EXERCISE PROMPT ::
All lines from the one with "Some of the words" through the final line below are to be reproduced exactly; omit the others.

DATA SECTION ::
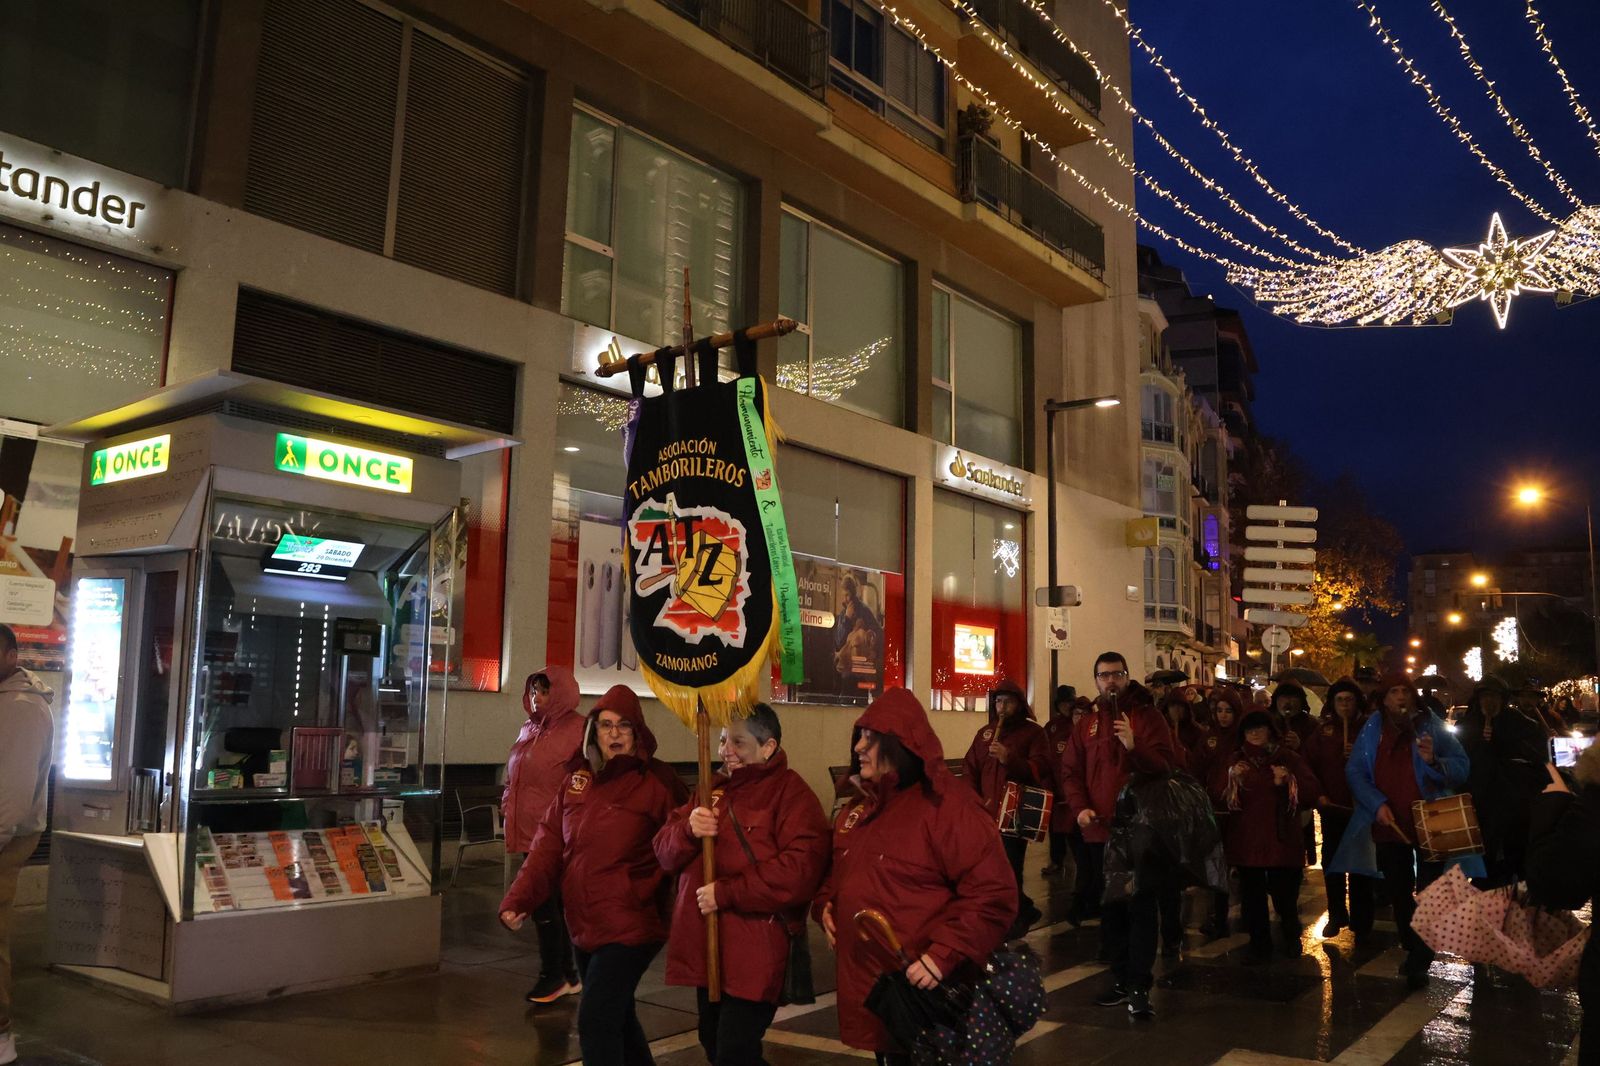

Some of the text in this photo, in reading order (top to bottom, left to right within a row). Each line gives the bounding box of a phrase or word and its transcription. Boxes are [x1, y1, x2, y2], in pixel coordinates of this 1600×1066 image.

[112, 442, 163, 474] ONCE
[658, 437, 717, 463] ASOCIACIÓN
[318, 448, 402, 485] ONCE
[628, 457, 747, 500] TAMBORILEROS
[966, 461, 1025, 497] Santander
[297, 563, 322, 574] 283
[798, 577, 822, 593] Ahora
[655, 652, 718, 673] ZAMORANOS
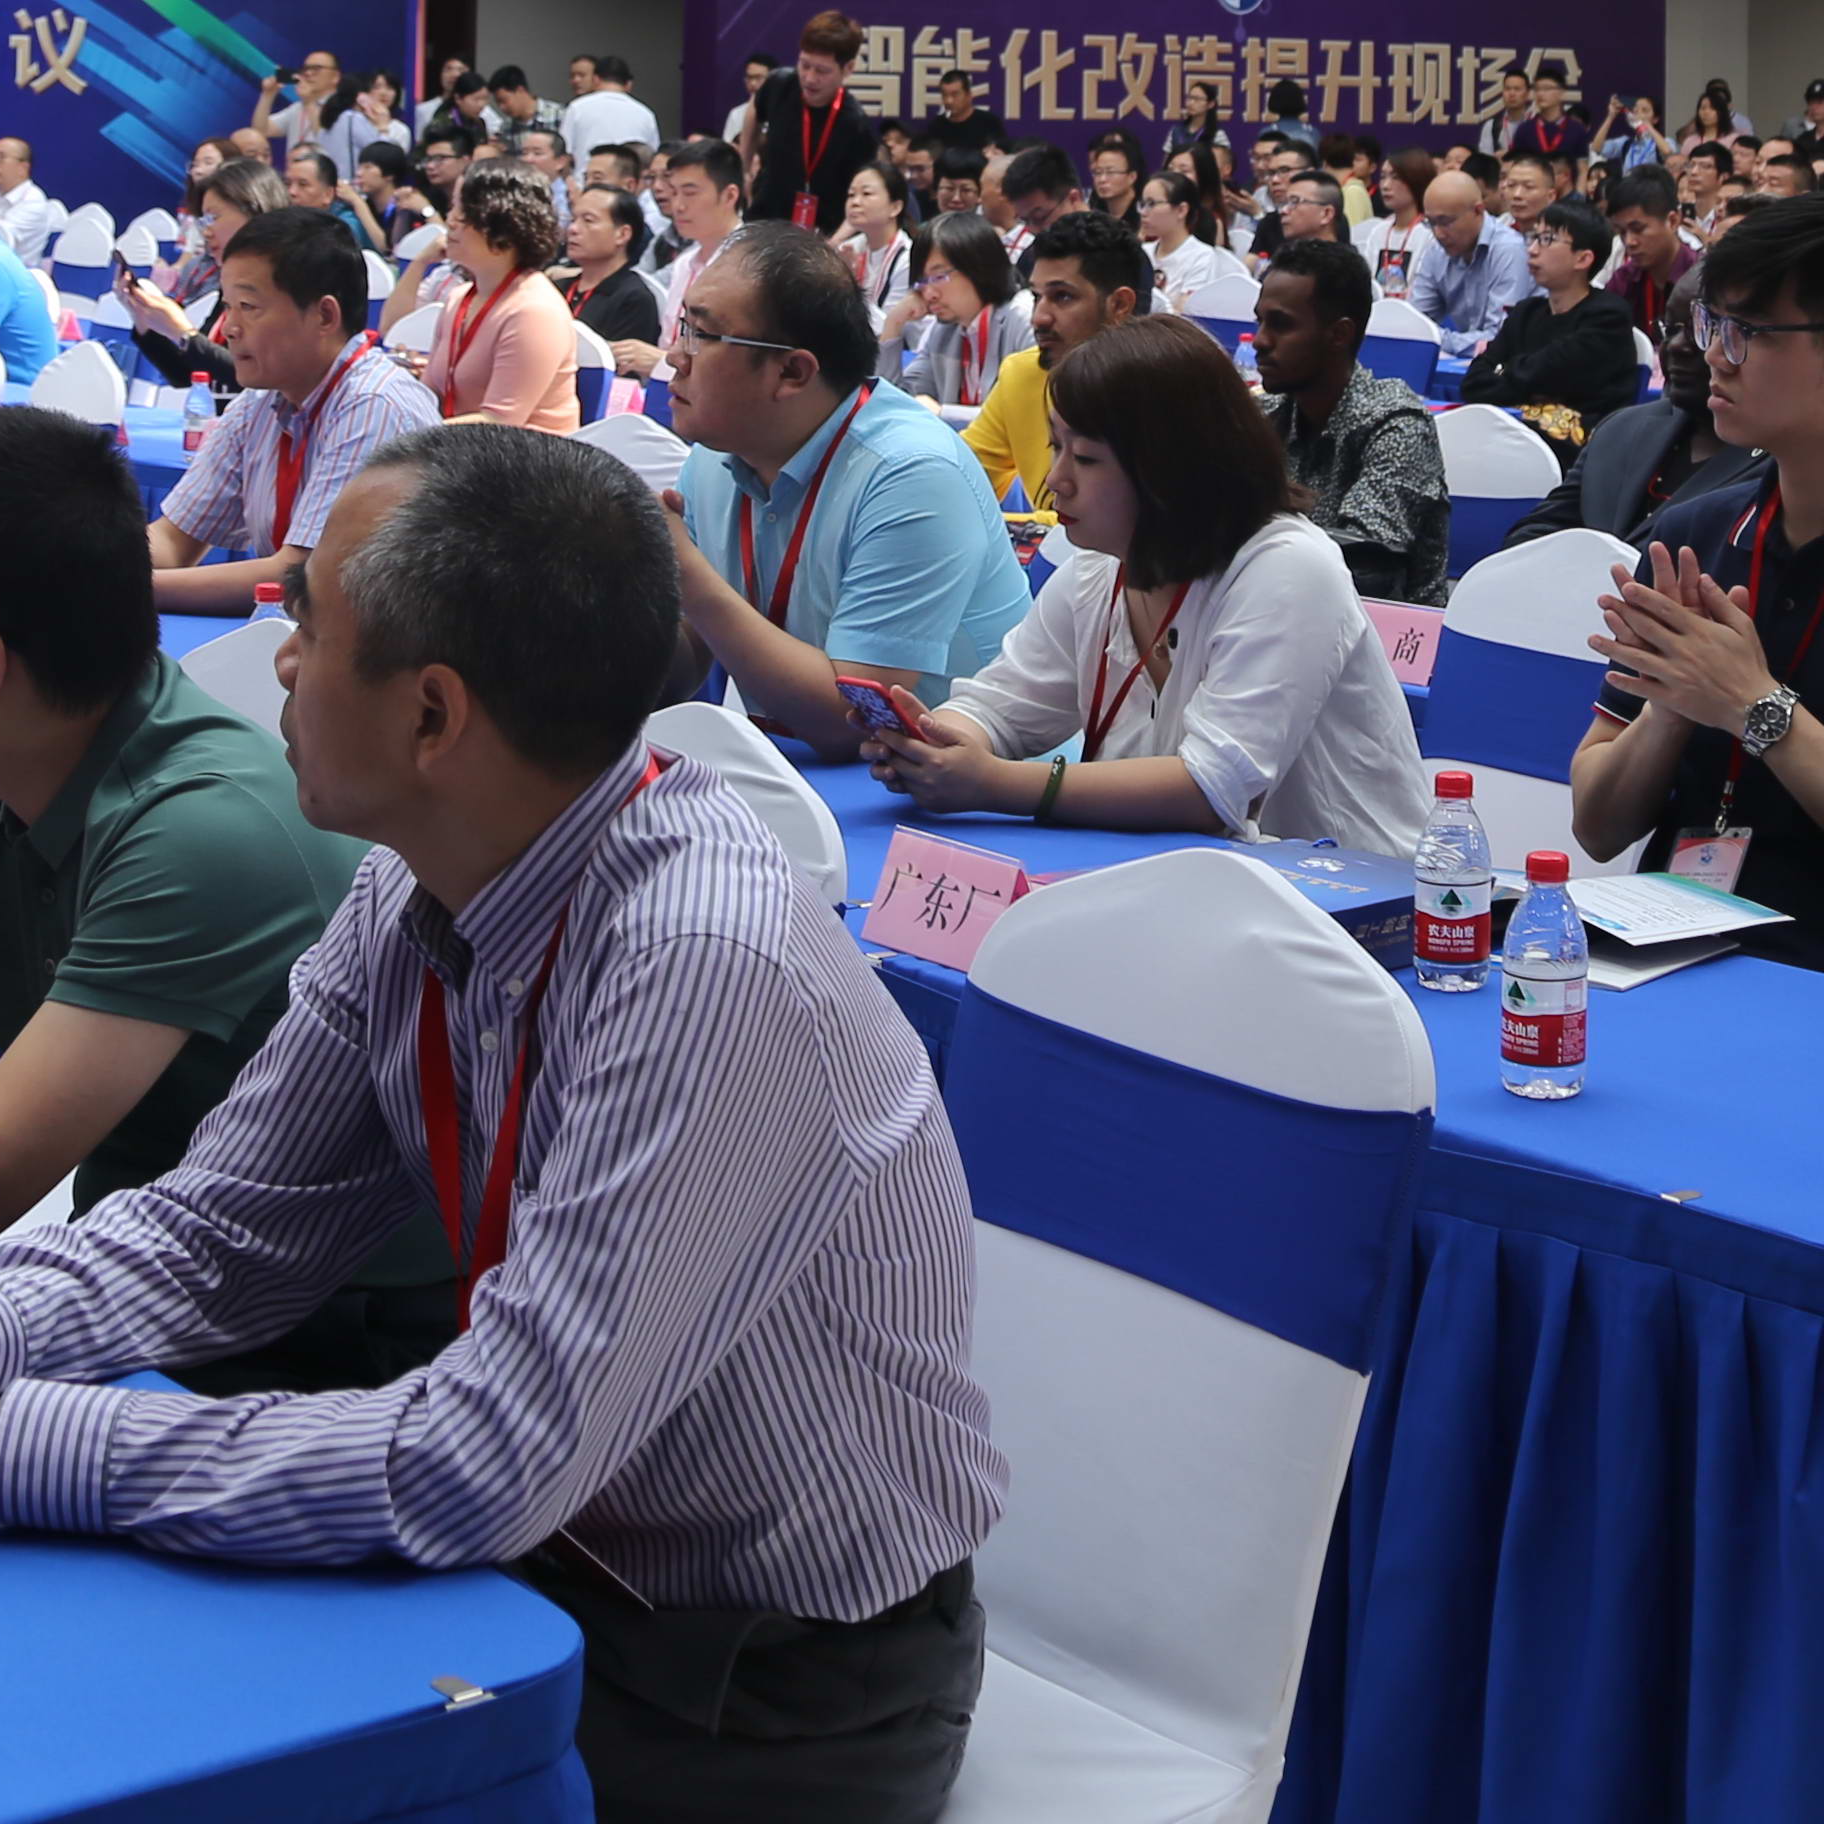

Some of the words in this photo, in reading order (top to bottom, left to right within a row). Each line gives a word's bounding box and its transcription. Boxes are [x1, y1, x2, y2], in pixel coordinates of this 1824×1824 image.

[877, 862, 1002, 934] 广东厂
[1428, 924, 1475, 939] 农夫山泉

TASK SOLUTION ::
Some of the words in this photo, in reading order (top to bottom, left to right within a row). Each line gives a word's bounding box and its transcription. Boxes are [x1, y1, x2, y2], in pixel coordinates of this 1824×1824 image.

[877, 862, 1002, 934] 广东厂
[1428, 924, 1475, 939] 农夫山泉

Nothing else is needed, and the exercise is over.